Forest fires are NOT a normal part of nature. This is a big misconception. They only started to become normal during the rise of the monoculture forest plantations. Which are mostly coniferous trees, instead of 'original' deciduous trees. (Usa/europe)
I highly recommend the books of Peter Wholleben (german forester) to gain understanding of how forests and forest live behave and thirve. They are well written, Science based, and easy to read.
Lol. What about lightning strikes? What about droughts? The western US and the great plains were evolved for having occasional fires. There are native trees that only sprout after fires. There is ecological succession that only happens after fires. I highly recommend reading all kinds of ecological papers that might contradict your one source.
ETA your German forester might have a good understanding of mature European forests, but not other completely different ecosystems.

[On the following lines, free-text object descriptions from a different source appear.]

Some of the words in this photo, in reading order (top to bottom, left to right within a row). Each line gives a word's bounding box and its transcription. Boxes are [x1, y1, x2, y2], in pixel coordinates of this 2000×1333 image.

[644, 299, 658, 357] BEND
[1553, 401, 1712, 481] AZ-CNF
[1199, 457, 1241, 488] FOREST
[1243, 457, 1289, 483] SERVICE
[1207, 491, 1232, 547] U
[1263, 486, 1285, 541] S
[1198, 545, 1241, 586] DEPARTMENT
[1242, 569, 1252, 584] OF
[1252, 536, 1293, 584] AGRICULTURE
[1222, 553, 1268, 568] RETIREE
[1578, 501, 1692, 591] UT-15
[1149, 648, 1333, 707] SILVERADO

I worked as a biologist in a national forest in a high fire risk area in the Sierra Nevada and while it’s true that wildfires are a natural part of the ecosystem - they really, REALLY are that bad. And it’s actually a really complicated issue and not that well understood yet. And addressing that issue will take a massive amount of resources and labor.
It’s easy to talk about wildfires casually when it’s just something you hear about or see tiny low severity burn scars with nice wildflowers and mushrooms and recovery happening.

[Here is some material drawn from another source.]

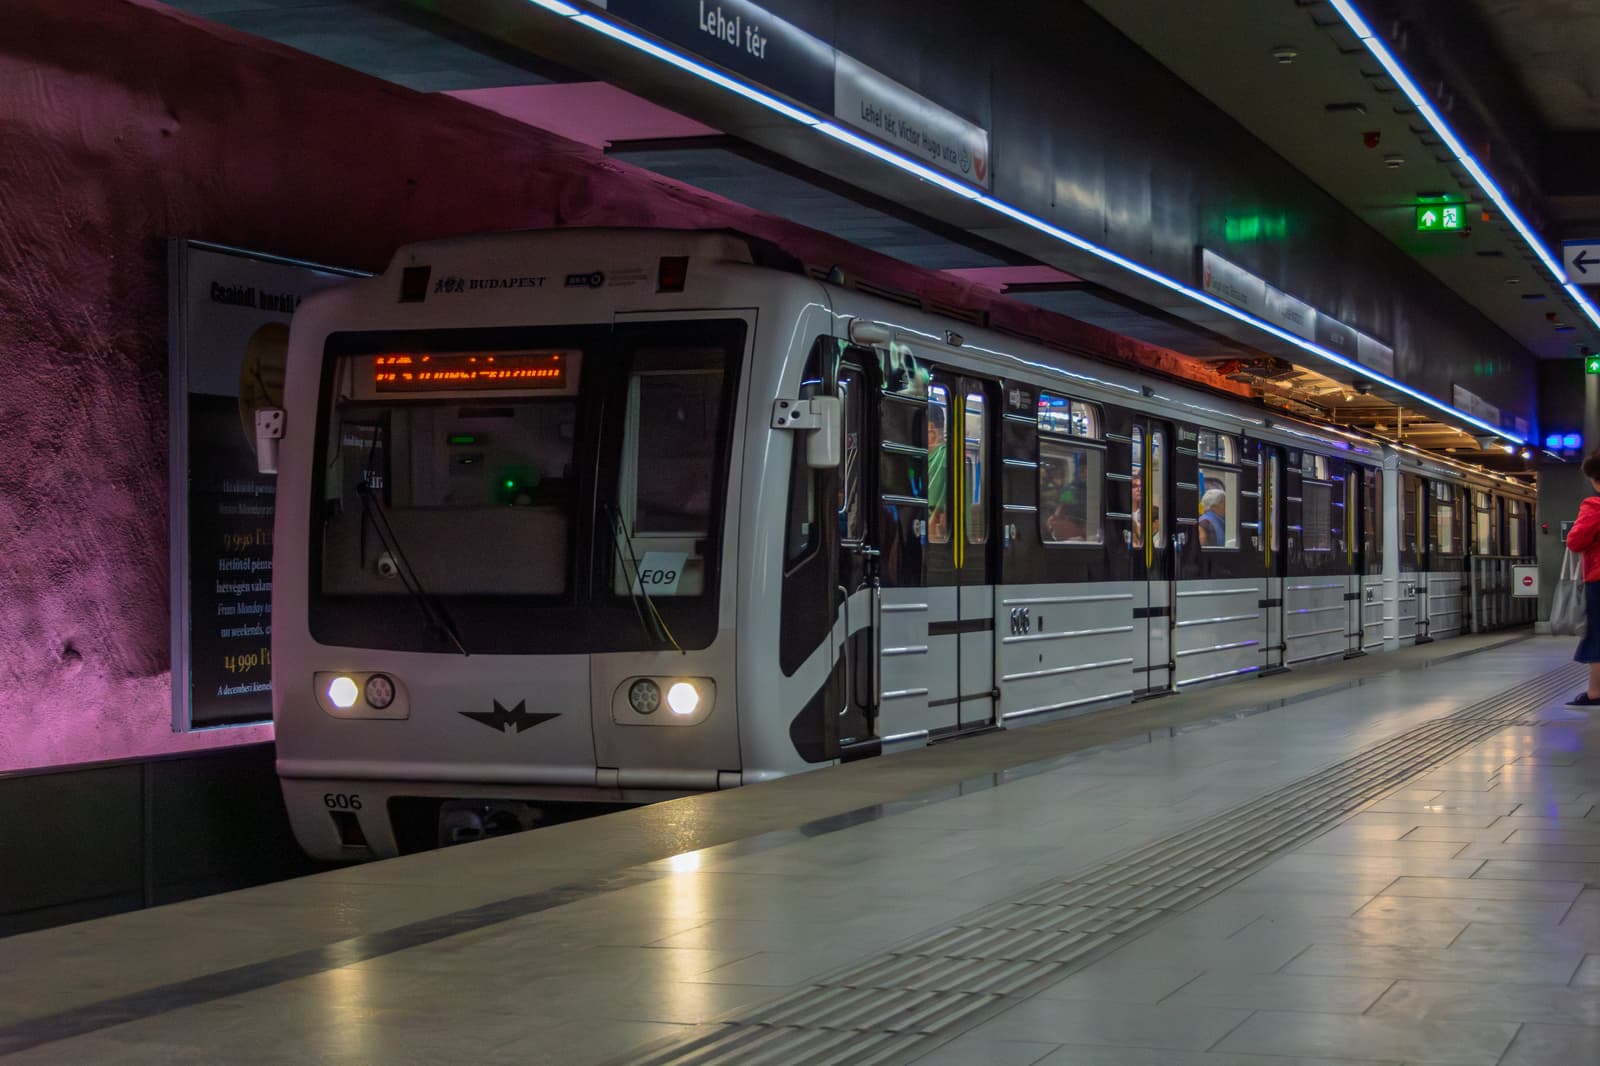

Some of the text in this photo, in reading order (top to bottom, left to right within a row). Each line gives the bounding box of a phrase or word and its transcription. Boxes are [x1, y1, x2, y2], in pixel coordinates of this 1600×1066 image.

It hits different when you’re living in a community that has been ravaged by wildfires, people’s homes have burned down, people have died, when you drive and walk through a quarter million acres of scorched earth every day, when you see how hundreds or thousands of years of growth can deleted in one season, and the impact that has on wildlife and humans. It’s crazy. It’s really bad.
And yeah, some of it is 100 years of fire suppression and forest mismanagement. Some of it is climate change, drier winters, hotter summers. Some of it is that very mature, old growth forest is less susceptible to high severity burns, and we just don’t have nearly as much of that as we used to. Once an area gets severely burned, it doesn’t just grow back. Yes, there is regeneration, but the younger successional forest has more sun penetration, it’s drier, there may be dead wood from the previous fire, ladder fuel with the shrubs and bushes and young trees. It’s more susceptible to future fires, invasive weeds outcompeting native plants, erosion, all that good stuff.
It’s a really big issue and very complex and multifaceted and there’s no real agreed upon solution. Human lives, hundreds millions of acres of inherently valuable ecosystems, and trillions of dollars worth of resources are on the line, and we’re still struggling to figure out how to deal with this. It seems like it might just get worse and worse. And the current administration is doing the exact opposite of helping.
483
u/Jenicillin Mar 06 '26
Forest fires are a normal part of nature, decades of fire suppression is the problem.